A – La réduction du domaine d’application du non-cumul
Le non-cumul est cantonné à la liquidation judiciaire (1), aux seuls dirigeants (2), à l’insuffisance d’actif (3) et aux seules fautes antérieures au jugement d’ouverture (4).
1 – Le cantonnement du non-cumul à la liquidation judiciaire
10. Au fil des réformes, le domaine d’application de l’action en responsabilité pour insuffisance d’actif s’est réduit comme une peau de chagrin, ce qui a eu pour conséquence de restreindre le domaine d’application du non-cumul. Sous l’empire de la loi du 25 janvier 1985, l’action en comblement de l’insuffisance d’actif pouvait être exercée dans les procédures de redressement et de liquidation judiciaire et pendant l’exécution du plan de continuation ou de redressement judiciaire. La loi du 26 juillet 2005 a restreint le domaine d’application de l’action à la résolution d’un plan de sauvegarde ou de redressement judiciaire et à la liquidation judiciaire. L’ordonnance du 18 décembre 2008 a cantonné l’action en responsabilité pour insuffisance d’actif à la liquidation judiciaire. Autrement dit, il est possible d’agir en responsabilité civile contre les dirigeants en se fondant sur une disposition spéciale du droit des sociétés ou sur le droit commun de la responsabilité civile en procédure de sauvegarde, de redressement judiciaire et lors de la résolution du plan de sauvegarde ou de celle du plan de redressement. Ensuite, la transaction apparaît de plus en plus comme « une alternative à l’action en responsabilité pour insuffisance d’actif »28 surtout dans un contexte international. Une difficulté demeure cependant, cette transaction rendra-t-elle impossible, pour les mêmes faits, toute action fondée sur le droit des sociétés ou sur le droit commun de la responsabilité civile ? Enfin, l’article L. 631-10-1 du Code de commerce en mentionnant « une action en responsabilité fondée sur une faute ayant contribué à la cessation des paiements du débiteur » ne fait pas référence à une action en responsabilité pour insuffisance d’actif mais à une action en responsabilité fondée sur l’article 1240 du Code civil29.

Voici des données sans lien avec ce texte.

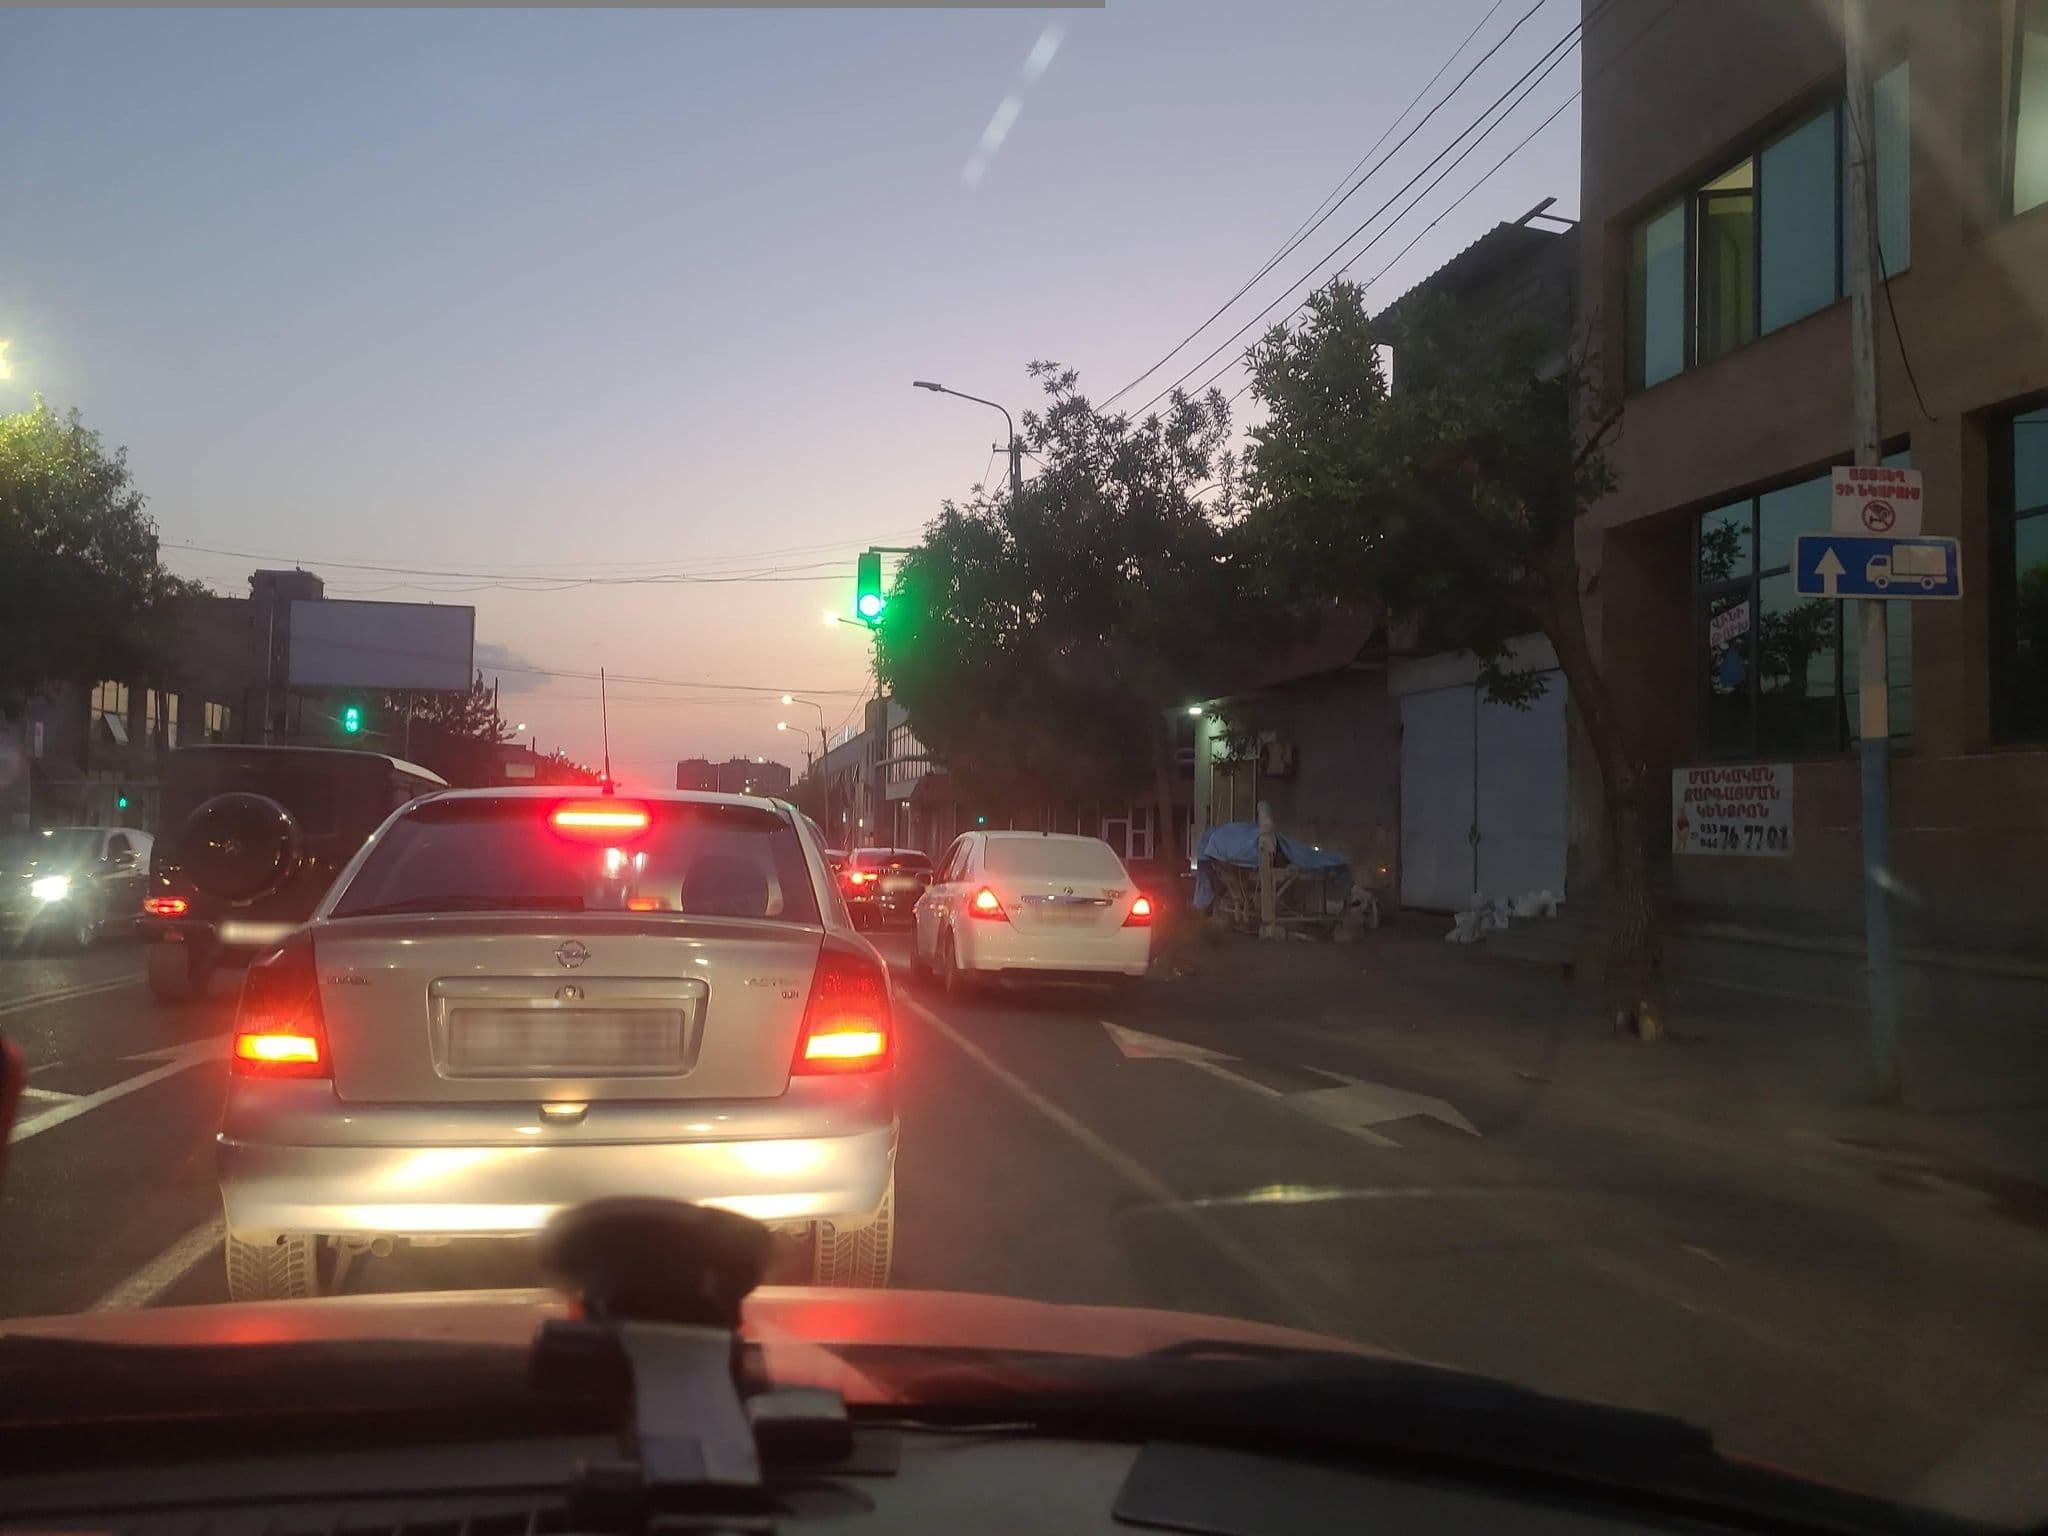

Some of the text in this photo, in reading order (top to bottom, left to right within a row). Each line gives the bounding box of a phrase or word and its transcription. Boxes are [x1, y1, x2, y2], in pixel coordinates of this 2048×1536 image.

[1688, 767, 1775, 785] ՄԱՆԿԱԿԱՆ
[1684, 784, 1781, 802] ԶԱՐԳԱՑՄԱՆ
[1696, 803, 1770, 818] ԿԵՆՏՐՈՆ
[1720, 824, 1739, 850] 76
[1744, 824, 1765, 850] 77

Pour quelles raisons le domaine d’application de l’action en responsabilité pour insuffisance d’actif a-t-il autant diminué ? Il semblerait que ce soit pour favoriser la création et le développement des entreprises et ne sanctionner que les dirigeants auteurs de fautes graves.
2 – Le cantonnement du non-cumul aux seuls dirigeants
11. L’article L. 651-1 du Code de commerce précise que « les dispositions du présent chapitre sont applicables aux dirigeants d’une personne morale de droit privé soumise à une procédure collective, ainsi qu’aux personnes physiques représentants permanents de ces dirigeants personnes morales et aux entrepreneurs individuels à responsabilité limitée ». L’action en responsabilité pour insuffisance d’actif ne peut pas concerner les entrepreneurs individuels, les dirigeants de personnes morales de droit public, les membres du conseil de surveillance d’une société par actions, les commissaires aux comptes, les salariés, les fondateurs de sociétés. De plus, si la qualité de dirigeant de droit ou de fait30 n’est pas démontrée, les actions en responsabilité civile fondées sur une disposition spéciale du droit des sociétés ou sur le droit commun de la responsabilité civile peuvent être retenues. Le liquidateur31 ou le ministère public a alors tout intérêt à agir à titre subsidiaire sur le fondement du droit des sociétés ou de l’article 1240 du Code civil32, voire sur celui de l’article L. 442-6-I-5° du Code de commerce33, qui prévoit la responsabilité de l’auteur d’une rupture brutale d’une relation commerciale établie. L’application de l’article L. 651-2 du Code de commerce peut même être contournée, si le liquidateur ne fait pas référence à l’insuffisance d’actif et considère le dirigeant comme un mandataire en agissant sur le fondement de l’article 1993 du Code civil. En effet, la Cour de cassation estime que l’action en reddition de comptes prévue par l’article 1993 du Code civil n’a pas le même objet que l’action en responsabilité pour insuffisance d’actif34.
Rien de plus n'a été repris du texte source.